The first service of the Versys 650 is scheduled at 1000km, followed by the next service at 6000km & then a service at every 6000kms.
Summary of previous services
1st Service @ 457km (with previous owner): Labour, engine oil & oil filter
2nd Service @ ~ 1900km (day of my purchase): Labour, engine oil, oil filter, chain cleaning/tightening/lubing, air filter cleaning, brake pad check & throttle body cleaning
My most recent service, carried out at around 7400km came with the following expenses.
Parts (spark plug cleaning, new air filter, new oil filter, chain cleaner, chain lube etc)
Labour (general service charges & rear brake bleeding)
Other Consumables (engine oil, coolant top up, rear brake fluid)

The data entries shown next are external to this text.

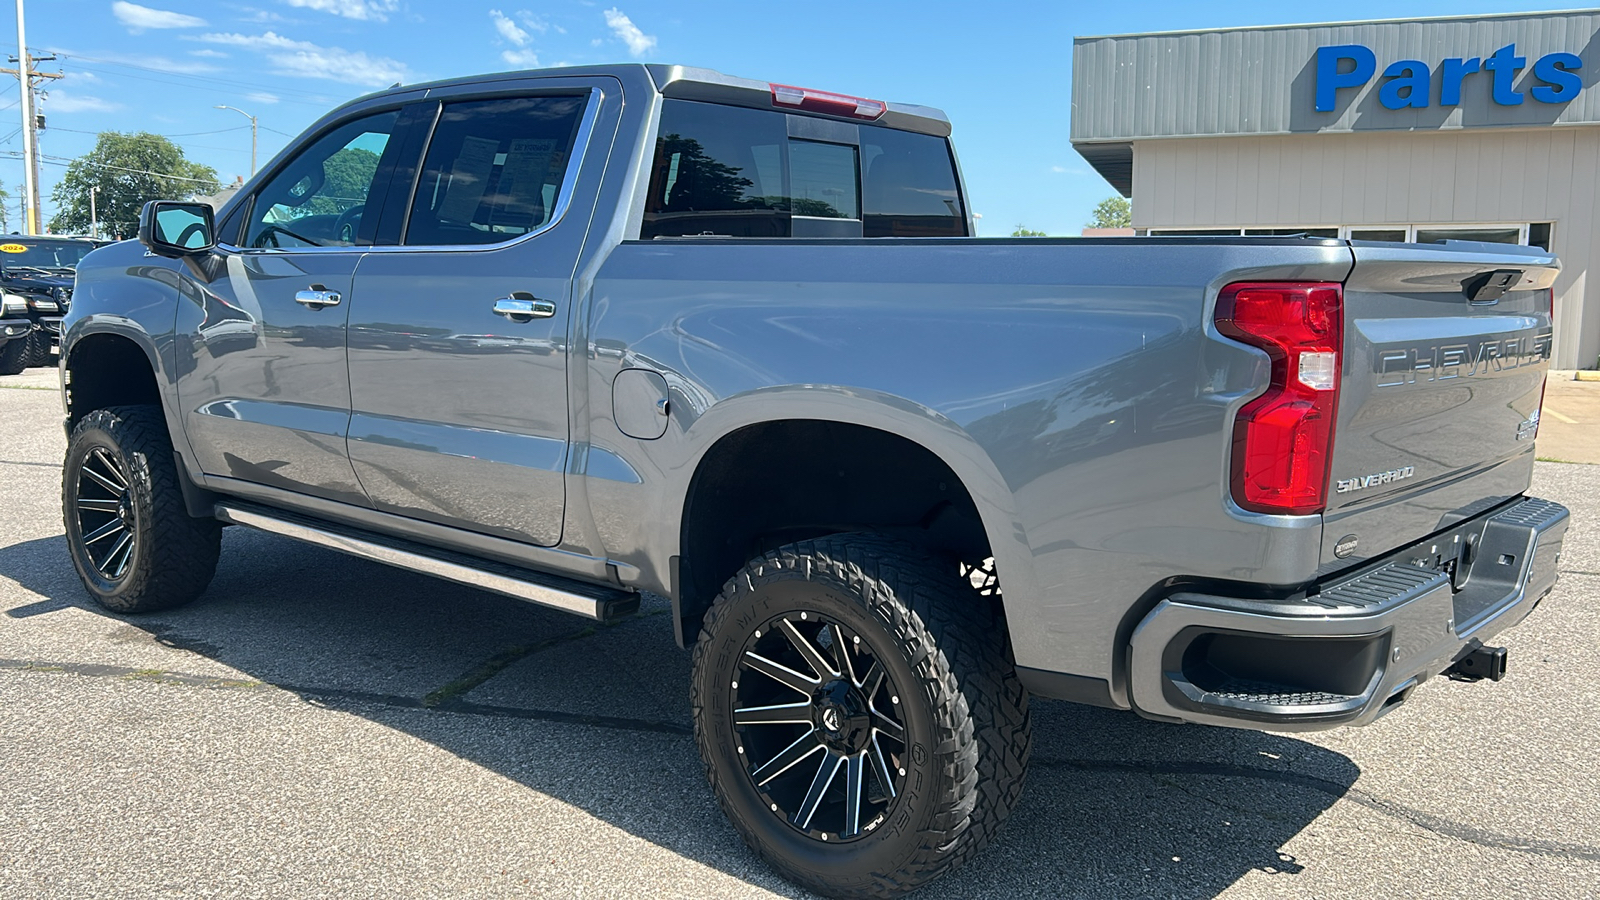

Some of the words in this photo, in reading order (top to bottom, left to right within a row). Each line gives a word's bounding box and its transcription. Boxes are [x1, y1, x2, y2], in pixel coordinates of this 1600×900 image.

[1315, 43, 1583, 112] Parts
[1336, 466, 1415, 494] SILVERADO
[736, 596, 771, 630] M/T
[885, 768, 923, 841] FUEL
[864, 814, 884, 832] FUEL

Rs 12,684 (including Rs 990 in state and central GST)
*Both the services I have carried out have been done outside the authorized service network. These are technicians I know through the community/personal contacts, who have been vouched for by other premium bike owners I know. While the authorized service channels have had mixed reviews, these technicians have been sworn by, so I went with the latter.

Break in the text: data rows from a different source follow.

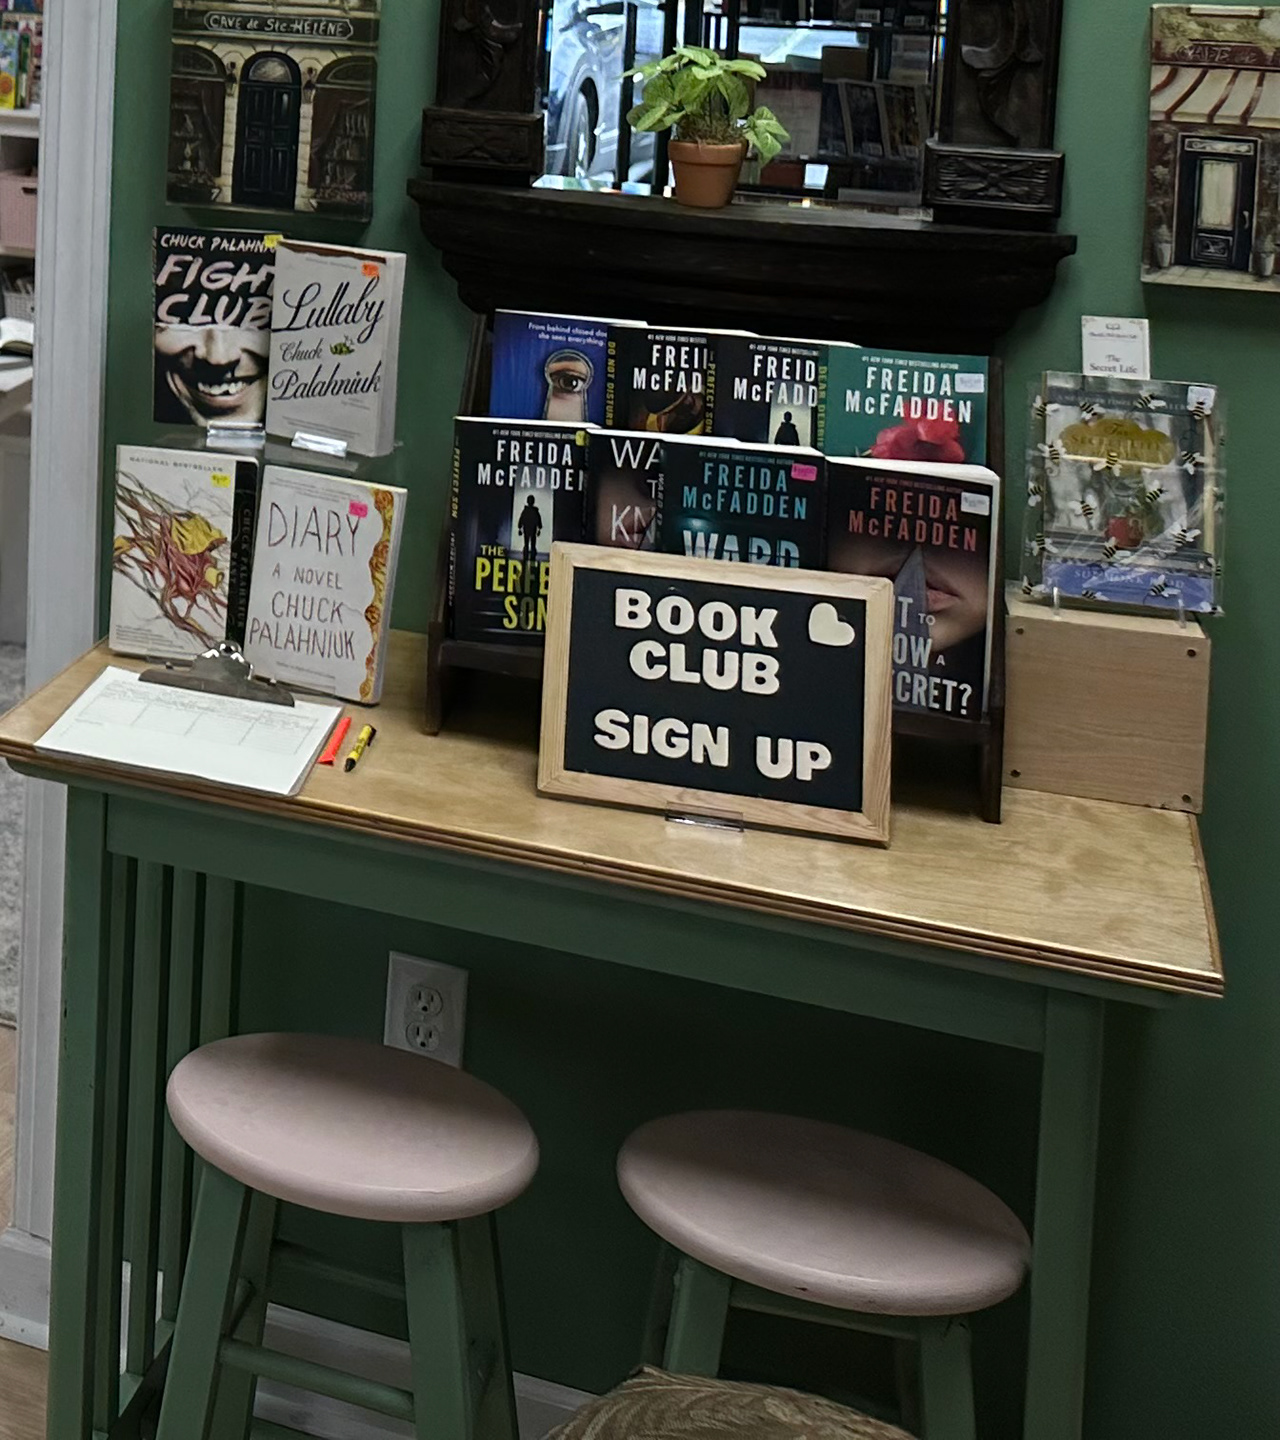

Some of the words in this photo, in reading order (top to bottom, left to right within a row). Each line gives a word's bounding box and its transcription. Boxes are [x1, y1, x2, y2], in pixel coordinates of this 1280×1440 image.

[209, 15, 241, 28] CAVE
[160, 233, 206, 250] CHUCK
[211, 236, 276, 254] PALAHN
[157, 293, 272, 329] CLUB
[272, 276, 384, 344] Lullaby
[528, 321, 545, 331] From
[547, 323, 571, 334] behind
[572, 325, 595, 337] closed
[538, 332, 550, 340] she
[551, 334, 566, 343] sees
[280, 337, 324, 362] Chuck
[608, 341, 617, 356] DO
[272, 360, 382, 401] Palahniuk
[607, 358, 617, 380] NOT
[753, 354, 817, 382] FREID
[866, 366, 952, 396] FREIDA
[1090, 363, 1117, 373] Secret
[1119, 364, 1138, 374] Life
[705, 363, 716, 408] PERFECT
[733, 377, 817, 408] McFADD
[606, 382, 615, 426] DISTURB
[845, 390, 972, 423] McFADDEN
[705, 410, 714, 434] SON
[496, 440, 573, 466] FREIDA
[703, 462, 788, 492] FREIDA
[682, 484, 807, 520] McFADDEN
[870, 487, 957, 522] FREIDA
[268, 502, 360, 557] DIARY
[848, 510, 978, 552] McFADDEN
[481, 545, 505, 557] THE
[683, 529, 800, 567] WARD
[272, 563, 281, 580] A
[293, 566, 343, 590] NOVEL
[271, 590, 344, 625] CHUCK
[614, 588, 779, 649] BOOK
[919, 612, 935, 626] TO
[248, 618, 355, 661] PALAHNIUK
[628, 640, 781, 695] CLUB
[593, 709, 730, 769] SIGN
[756, 737, 832, 782] UP

Mamba, my Versys 650, has been primarily used on the highway since my office commute is rather short. On a mixed cycle, including a rider+heavy top box+other luggage, she manages about 24kmpl, which I’m more than happy with.

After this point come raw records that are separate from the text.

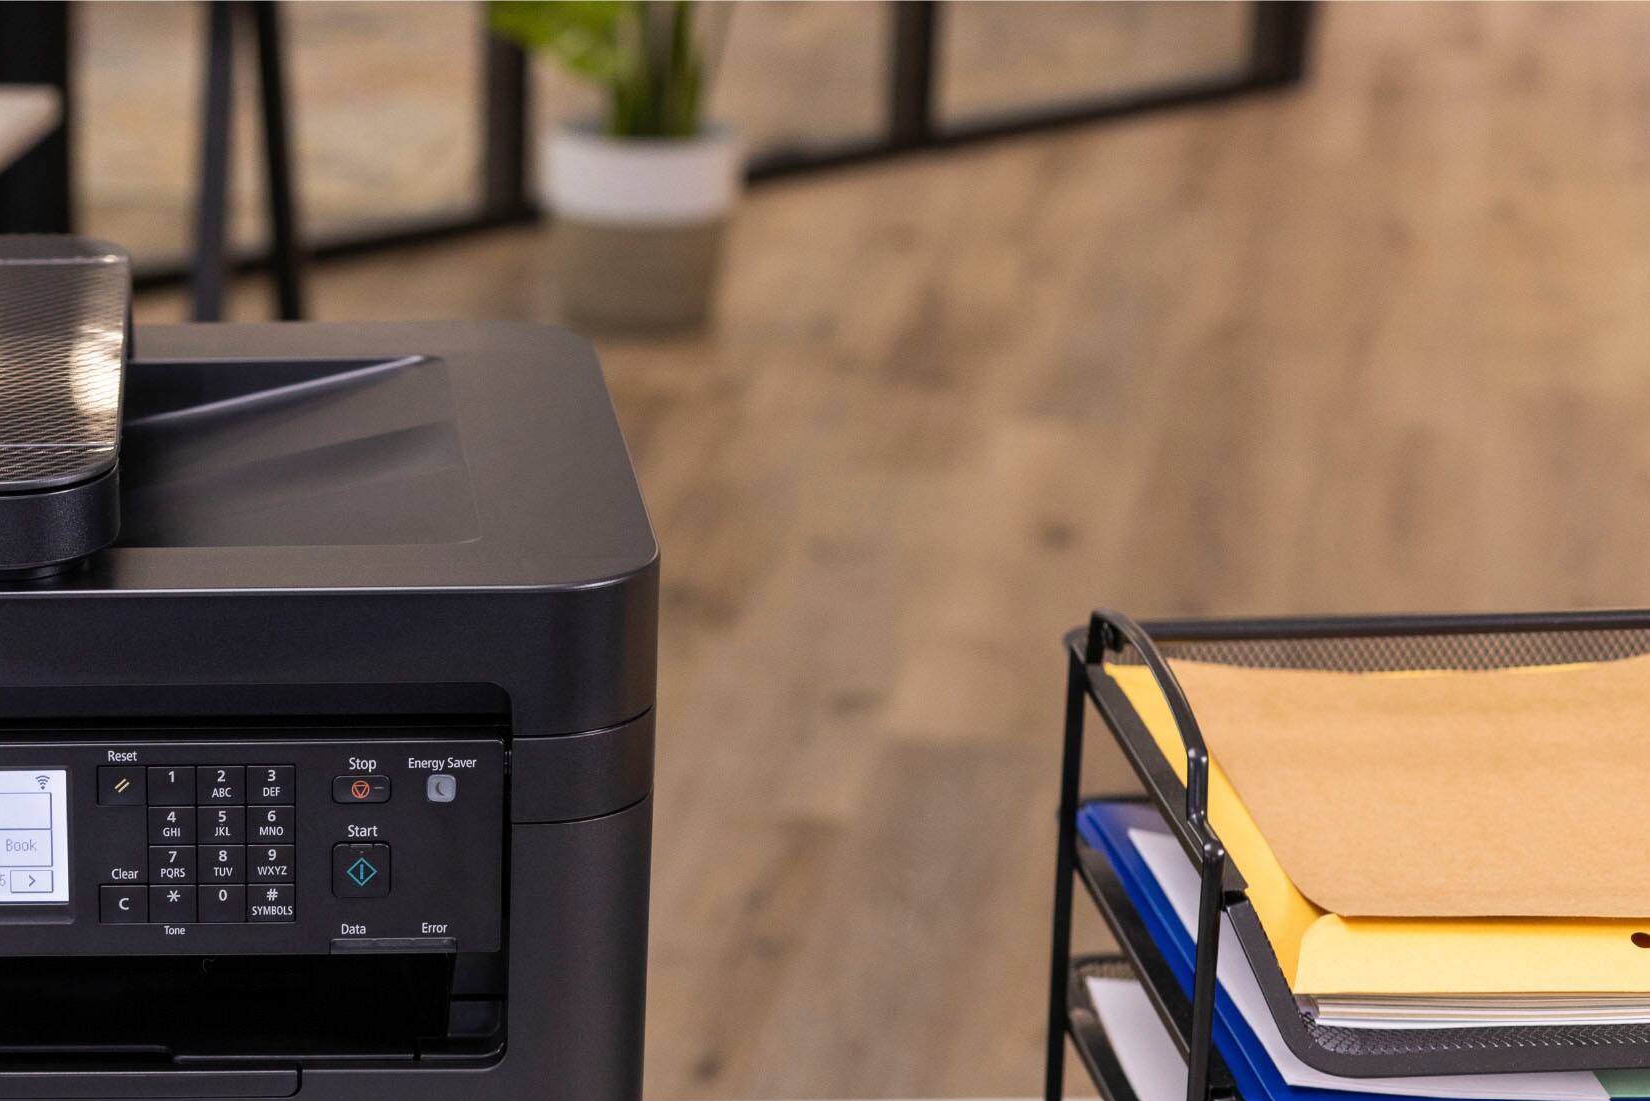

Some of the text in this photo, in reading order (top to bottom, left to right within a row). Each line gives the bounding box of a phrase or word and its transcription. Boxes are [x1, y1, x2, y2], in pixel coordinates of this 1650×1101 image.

[107, 750, 138, 762] Reset
[348, 756, 377, 773] Stop
[408, 756, 477, 771] Energy Saver
[168, 770, 175, 783] 1
[217, 769, 226, 783] 2
[267, 769, 276, 782] 3
[211, 787, 232, 799] ABC
[262, 786, 281, 797] DEF
[166, 811, 177, 823] 4
[218, 810, 227, 823] 5
[267, 810, 277, 822] 6
[162, 827, 181, 837] GHI
[214, 826, 231, 837] JKL
[259, 826, 284, 836] MNO
[347, 824, 378, 838] Start
[5, 838, 37, 852] Book
[168, 850, 178, 863] 7
[218, 849, 228, 862] 8
[267, 848, 277, 861] 9
[111, 867, 139, 880] Clear
[160, 867, 186, 879] PQRS
[213, 866, 233, 877] TUV
[257, 865, 288, 876] WXYZ
[218, 889, 228, 902] 0
[118, 897, 130, 911] C
[252, 905, 293, 916] SYMBOLS
[163, 925, 186, 936] Tone
[341, 923, 367, 935] Data
[421, 922, 448, 934] Error

-Be patient. Don’t rush your purchase or seem too eager. It hampers your bargaining power. Remember, this is business and any deal should be mutually beneficial.
-Always be punctual and clear in your communication. Push for a better deal but don’t be rude.
-Be flexible. If the owner doesn’t budge on the price, see if you can stretch a bit. Contrarily, if you want more bang for your buck, see if the owner will at least cover a service before handing the bike over to you.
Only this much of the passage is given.